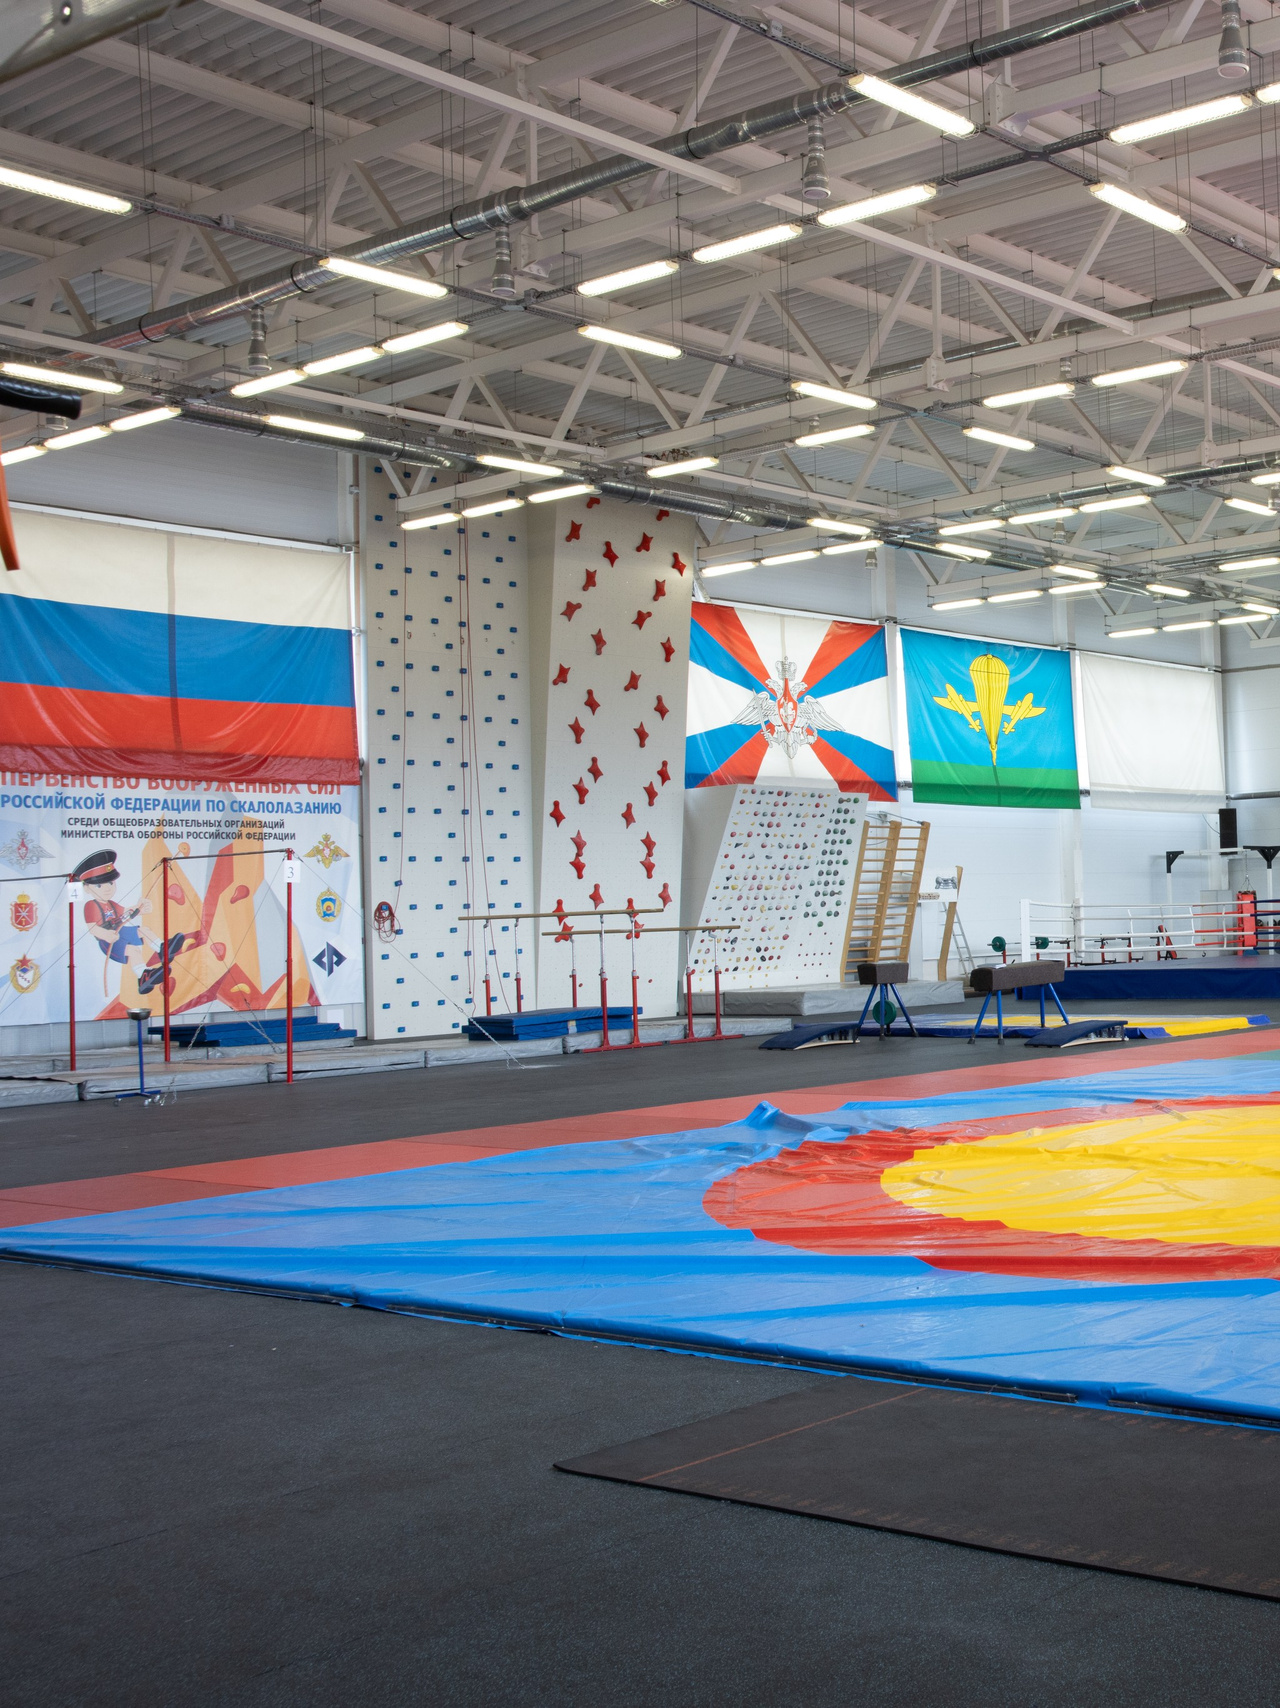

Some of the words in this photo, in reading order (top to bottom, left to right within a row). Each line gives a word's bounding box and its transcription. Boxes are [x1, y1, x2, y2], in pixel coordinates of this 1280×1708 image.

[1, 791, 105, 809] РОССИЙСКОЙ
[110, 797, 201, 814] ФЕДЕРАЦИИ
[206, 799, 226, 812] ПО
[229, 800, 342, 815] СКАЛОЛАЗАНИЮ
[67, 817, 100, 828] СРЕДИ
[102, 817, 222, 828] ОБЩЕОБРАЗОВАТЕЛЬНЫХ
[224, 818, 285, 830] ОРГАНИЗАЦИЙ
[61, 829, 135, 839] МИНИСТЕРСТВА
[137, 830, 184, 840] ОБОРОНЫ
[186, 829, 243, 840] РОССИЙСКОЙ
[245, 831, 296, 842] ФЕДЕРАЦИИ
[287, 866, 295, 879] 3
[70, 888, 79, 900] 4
************
_Problem requirements_
With the pictures dropped, write out all of the entries word for word.

_Result of the task_
Some of the words in this photo, in reading order (top to bottom, left to right within a row). Each line gives a word's bounding box and its transcription. Boxes are [x1, y1, x2, y2], in pixel coordinates of this 1280×1708 image.

[1, 791, 105, 809] РОССИЙСКОЙ
[110, 797, 201, 814] ФЕДЕРАЦИИ
[206, 799, 226, 812] ПО
[229, 800, 342, 815] СКАЛОЛАЗАНИЮ
[67, 817, 100, 828] СРЕДИ
[102, 817, 222, 828] ОБЩЕОБРАЗОВАТЕЛЬНЫХ
[224, 818, 285, 830] ОРГАНИЗАЦИЙ
[61, 829, 135, 839] МИНИСТЕРСТВА
[137, 830, 184, 840] ОБОРОНЫ
[186, 829, 243, 840] РОССИЙСКОЙ
[245, 831, 296, 842] ФЕДЕРАЦИИ
[287, 866, 295, 879] 3
[70, 888, 79, 900] 4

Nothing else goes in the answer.